### EXERCISE DETAILS
Repeat, exactly as written, the line containing "this 2352×1568 image." and each line after it through the end of the data.

### SUPPLIED RECORDS
• • • •

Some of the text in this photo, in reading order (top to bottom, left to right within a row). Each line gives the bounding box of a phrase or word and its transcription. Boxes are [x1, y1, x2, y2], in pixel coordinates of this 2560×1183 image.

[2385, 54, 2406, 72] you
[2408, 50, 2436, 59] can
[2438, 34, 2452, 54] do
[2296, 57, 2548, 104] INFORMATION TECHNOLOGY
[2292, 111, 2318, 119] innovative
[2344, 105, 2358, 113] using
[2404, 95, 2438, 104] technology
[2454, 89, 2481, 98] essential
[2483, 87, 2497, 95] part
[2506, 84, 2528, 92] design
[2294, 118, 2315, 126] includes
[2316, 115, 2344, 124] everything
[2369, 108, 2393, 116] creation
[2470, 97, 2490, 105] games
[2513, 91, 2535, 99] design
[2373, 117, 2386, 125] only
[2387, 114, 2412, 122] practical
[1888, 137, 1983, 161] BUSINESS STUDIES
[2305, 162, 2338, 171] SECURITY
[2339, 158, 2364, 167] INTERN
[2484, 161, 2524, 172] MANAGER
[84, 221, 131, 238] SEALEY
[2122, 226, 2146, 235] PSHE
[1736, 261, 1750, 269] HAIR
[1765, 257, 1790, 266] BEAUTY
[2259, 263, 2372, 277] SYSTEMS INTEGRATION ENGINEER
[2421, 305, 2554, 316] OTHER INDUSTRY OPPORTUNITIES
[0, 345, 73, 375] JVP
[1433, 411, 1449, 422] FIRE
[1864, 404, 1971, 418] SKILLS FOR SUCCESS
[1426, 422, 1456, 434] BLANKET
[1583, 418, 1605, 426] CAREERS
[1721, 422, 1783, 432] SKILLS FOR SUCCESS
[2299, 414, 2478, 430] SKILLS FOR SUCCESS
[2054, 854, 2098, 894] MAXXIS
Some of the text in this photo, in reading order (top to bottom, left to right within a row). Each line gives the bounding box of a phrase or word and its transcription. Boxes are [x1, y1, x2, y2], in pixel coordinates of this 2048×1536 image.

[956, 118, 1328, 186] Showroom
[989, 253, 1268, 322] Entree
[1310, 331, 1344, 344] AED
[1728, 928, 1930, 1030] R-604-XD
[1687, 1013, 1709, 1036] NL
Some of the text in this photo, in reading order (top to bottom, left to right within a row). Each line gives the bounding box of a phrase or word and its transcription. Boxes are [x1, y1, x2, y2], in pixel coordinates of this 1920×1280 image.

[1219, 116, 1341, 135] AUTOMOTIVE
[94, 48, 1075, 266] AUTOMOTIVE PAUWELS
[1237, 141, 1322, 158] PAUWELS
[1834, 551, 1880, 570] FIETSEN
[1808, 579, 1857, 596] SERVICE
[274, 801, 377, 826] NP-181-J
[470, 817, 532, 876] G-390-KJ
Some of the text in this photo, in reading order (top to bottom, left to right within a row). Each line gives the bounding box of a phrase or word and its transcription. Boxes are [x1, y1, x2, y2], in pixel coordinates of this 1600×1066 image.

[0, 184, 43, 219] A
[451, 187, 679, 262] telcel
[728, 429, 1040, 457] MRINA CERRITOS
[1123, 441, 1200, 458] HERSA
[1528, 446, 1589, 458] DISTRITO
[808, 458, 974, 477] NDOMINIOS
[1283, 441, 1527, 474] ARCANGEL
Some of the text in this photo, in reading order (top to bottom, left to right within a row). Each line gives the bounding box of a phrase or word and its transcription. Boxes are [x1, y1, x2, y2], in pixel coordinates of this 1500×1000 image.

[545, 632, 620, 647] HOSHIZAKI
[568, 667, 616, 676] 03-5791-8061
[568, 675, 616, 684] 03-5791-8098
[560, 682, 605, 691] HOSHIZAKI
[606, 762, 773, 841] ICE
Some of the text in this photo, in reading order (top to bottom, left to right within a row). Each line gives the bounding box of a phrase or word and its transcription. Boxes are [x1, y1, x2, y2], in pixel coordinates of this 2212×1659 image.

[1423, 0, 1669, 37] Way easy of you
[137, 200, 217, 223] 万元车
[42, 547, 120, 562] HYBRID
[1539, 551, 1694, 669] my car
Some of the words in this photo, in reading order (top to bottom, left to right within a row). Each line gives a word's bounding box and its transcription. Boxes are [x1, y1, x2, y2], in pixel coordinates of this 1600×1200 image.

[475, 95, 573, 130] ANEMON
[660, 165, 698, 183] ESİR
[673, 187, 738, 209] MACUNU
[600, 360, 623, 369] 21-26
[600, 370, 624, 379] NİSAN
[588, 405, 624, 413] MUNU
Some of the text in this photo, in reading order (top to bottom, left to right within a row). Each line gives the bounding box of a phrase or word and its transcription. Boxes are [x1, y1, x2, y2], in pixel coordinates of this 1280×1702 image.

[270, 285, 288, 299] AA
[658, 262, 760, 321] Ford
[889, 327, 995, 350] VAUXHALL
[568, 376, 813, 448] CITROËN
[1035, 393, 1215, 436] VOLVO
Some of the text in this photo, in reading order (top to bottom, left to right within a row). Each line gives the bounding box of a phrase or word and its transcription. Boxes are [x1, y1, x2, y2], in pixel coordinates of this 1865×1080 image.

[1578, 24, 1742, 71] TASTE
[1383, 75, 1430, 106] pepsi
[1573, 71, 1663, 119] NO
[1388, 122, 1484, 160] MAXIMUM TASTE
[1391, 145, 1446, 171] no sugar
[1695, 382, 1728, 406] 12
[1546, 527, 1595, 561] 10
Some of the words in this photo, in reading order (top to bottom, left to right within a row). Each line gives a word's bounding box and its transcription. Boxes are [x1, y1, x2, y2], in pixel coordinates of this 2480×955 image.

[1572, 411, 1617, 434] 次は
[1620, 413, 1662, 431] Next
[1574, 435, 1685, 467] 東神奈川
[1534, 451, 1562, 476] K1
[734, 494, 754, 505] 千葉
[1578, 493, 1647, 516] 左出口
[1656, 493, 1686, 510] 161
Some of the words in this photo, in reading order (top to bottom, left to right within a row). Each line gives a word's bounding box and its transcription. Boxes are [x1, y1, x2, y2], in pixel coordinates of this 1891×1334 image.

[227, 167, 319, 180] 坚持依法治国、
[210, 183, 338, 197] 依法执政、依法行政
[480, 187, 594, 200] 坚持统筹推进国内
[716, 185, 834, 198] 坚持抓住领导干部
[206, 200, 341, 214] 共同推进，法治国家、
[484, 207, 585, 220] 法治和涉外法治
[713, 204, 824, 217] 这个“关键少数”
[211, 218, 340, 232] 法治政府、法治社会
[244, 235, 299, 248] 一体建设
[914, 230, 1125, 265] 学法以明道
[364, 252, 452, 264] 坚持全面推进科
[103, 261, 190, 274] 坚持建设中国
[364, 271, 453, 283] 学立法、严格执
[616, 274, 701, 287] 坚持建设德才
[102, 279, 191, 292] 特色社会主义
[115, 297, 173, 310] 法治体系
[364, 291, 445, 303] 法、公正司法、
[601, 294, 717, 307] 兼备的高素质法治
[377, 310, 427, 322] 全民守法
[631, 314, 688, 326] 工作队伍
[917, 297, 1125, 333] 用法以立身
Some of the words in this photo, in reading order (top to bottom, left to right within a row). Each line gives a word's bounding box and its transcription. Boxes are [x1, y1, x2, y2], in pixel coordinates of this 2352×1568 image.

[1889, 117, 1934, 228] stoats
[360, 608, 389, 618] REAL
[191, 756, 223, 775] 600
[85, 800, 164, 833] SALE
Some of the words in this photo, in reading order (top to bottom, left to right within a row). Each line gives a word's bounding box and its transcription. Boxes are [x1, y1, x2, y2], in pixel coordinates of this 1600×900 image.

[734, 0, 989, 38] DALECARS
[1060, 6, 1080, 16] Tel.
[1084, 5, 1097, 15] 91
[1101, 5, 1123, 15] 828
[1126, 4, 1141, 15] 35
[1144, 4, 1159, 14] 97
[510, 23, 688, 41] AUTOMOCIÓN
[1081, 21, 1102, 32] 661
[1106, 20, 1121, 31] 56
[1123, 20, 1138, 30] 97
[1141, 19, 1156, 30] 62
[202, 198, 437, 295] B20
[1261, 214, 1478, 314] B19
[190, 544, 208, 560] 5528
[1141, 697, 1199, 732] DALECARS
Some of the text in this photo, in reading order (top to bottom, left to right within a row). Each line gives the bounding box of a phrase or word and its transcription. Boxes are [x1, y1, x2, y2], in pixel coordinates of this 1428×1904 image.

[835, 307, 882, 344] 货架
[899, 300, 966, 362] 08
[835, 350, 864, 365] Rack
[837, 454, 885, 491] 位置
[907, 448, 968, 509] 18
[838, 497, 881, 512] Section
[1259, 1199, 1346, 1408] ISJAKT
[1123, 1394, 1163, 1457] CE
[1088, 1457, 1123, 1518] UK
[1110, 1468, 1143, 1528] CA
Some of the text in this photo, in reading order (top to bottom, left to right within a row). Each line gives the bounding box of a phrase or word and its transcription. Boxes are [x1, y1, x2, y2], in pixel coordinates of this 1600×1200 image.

• • • •

### ANSWER SPACE
Some of the words in this photo, in reading order (top to bottom, left to right within a row). Each line gives a word's bounding box and its transcription. Boxes are [x1, y1, x2, y2], in pixel coordinates of this 2352×1568 image.

[1889, 117, 1934, 228] stoats
[360, 608, 389, 618] REAL
[191, 756, 223, 775] 600
[85, 800, 164, 833] SALE
Some of the words in this photo, in reading order (top to bottom, left to right within a row). Each line gives a word's bounding box and its transcription. Boxes are [x1, y1, x2, y2], in pixel coordinates of this 1600×900 image.

[734, 0, 989, 38] DALECARS
[1060, 6, 1080, 16] Tel.
[1084, 5, 1097, 15] 91
[1101, 5, 1123, 15] 828
[1126, 4, 1141, 15] 35
[1144, 4, 1159, 14] 97
[510, 23, 688, 41] AUTOMOCIÓN
[1081, 21, 1102, 32] 661
[1106, 20, 1121, 31] 56
[1123, 20, 1138, 30] 97
[1141, 19, 1156, 30] 62
[202, 198, 437, 295] B20
[1261, 214, 1478, 314] B19
[190, 544, 208, 560] 5528
[1141, 697, 1199, 732] DALECARS
Some of the text in this photo, in reading order (top to bottom, left to right within a row). Each line gives the bounding box of a phrase or word and its transcription. Boxes are [x1, y1, x2, y2], in pixel coordinates of this 1428×1904 image.

[835, 307, 882, 344] 货架
[899, 300, 966, 362] 08
[835, 350, 864, 365] Rack
[837, 454, 885, 491] 位置
[907, 448, 968, 509] 18
[838, 497, 881, 512] Section
[1259, 1199, 1346, 1408] ISJAKT
[1123, 1394, 1163, 1457] CE
[1088, 1457, 1123, 1518] UK
[1110, 1468, 1143, 1528] CA
Some of the text in this photo, in reading order (top to bottom, left to right within a row). Each line gives the bounding box of a phrase or word and its transcription. Boxes are [x1, y1, x2, y2], in pixel coordinates of this 1600×1200 image.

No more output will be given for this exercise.